Is this cut one too many as inflation drops to three year low?
The European Central Bank (ECB) has reduced its key interest rate to 3.25% from 3.5%, marking it the second consecutive rate cut for the Eurozone. This shift reflects mounting concerns about the eurozone’s economic slowdown and softening inflation. The ECB’s decision comes just five weeks after a similar rate reduction, signalling a growing urgency to support the economy amidst weak growth indicators.
Read more: UK inflation drops below target
Eurozone inflation dropped to 1.7% in September, falling below the ECB’s 2% target for the first time in over three years. The central bank acknowledged that the disinflationary process is progressing as anticipated, with recent data showing weaker-than-expected economic activity. ECB President Christine Lagarde emphasised that future rate decisions would continue to be based on incoming data, hinting at the possibility of more cuts, including another expected in December.
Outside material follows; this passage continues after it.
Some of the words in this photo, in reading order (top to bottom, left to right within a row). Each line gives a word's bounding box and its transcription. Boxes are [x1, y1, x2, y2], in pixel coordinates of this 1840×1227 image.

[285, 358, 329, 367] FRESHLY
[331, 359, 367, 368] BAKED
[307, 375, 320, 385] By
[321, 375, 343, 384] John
Germany’s economy remains a particular concern, with projections of contraction for the second consecutive year. Energy prices driven by the Ukraine conflict and reduced demand from China, a key export partner, have further pressured businesses and consumers. The euro has also weakened slightly against the dollar following the ECB’s announcement.
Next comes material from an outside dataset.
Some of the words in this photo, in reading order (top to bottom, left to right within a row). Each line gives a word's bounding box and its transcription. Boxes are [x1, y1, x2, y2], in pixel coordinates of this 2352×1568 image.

The ECB's cautious stance reflects its challenge of balancing growth with inflation control. Market analysts are pricing in further rate cuts by mid-2024, expecting borrowing costs to fall below 2%. However, some economists warn the ECB risks overshooting with aggressive easing. “We now see a risk that, upon cutting rates, the ECB may make the reverse mistake and ease policy too much,” said Holger Schmieding, chief economist at Berenberg Bank.
Meanwhile, central banks in the U.S. and UK are also shifting towards looser monetary policies. The Bank of England is expected to lower rates again in November and the US Federal Reserve recently cut its benchmark rate by 0.5%, with analysts hoping for another cut on November 7th, just days after the Kamala Harris / Donald Trump election. The ECB’s latest decision, taken in Ljubljana at the Slovenian central bank, reflects a broader trend of global monetary easing aimed at sustaining economic recovery amidst uncertain conditions.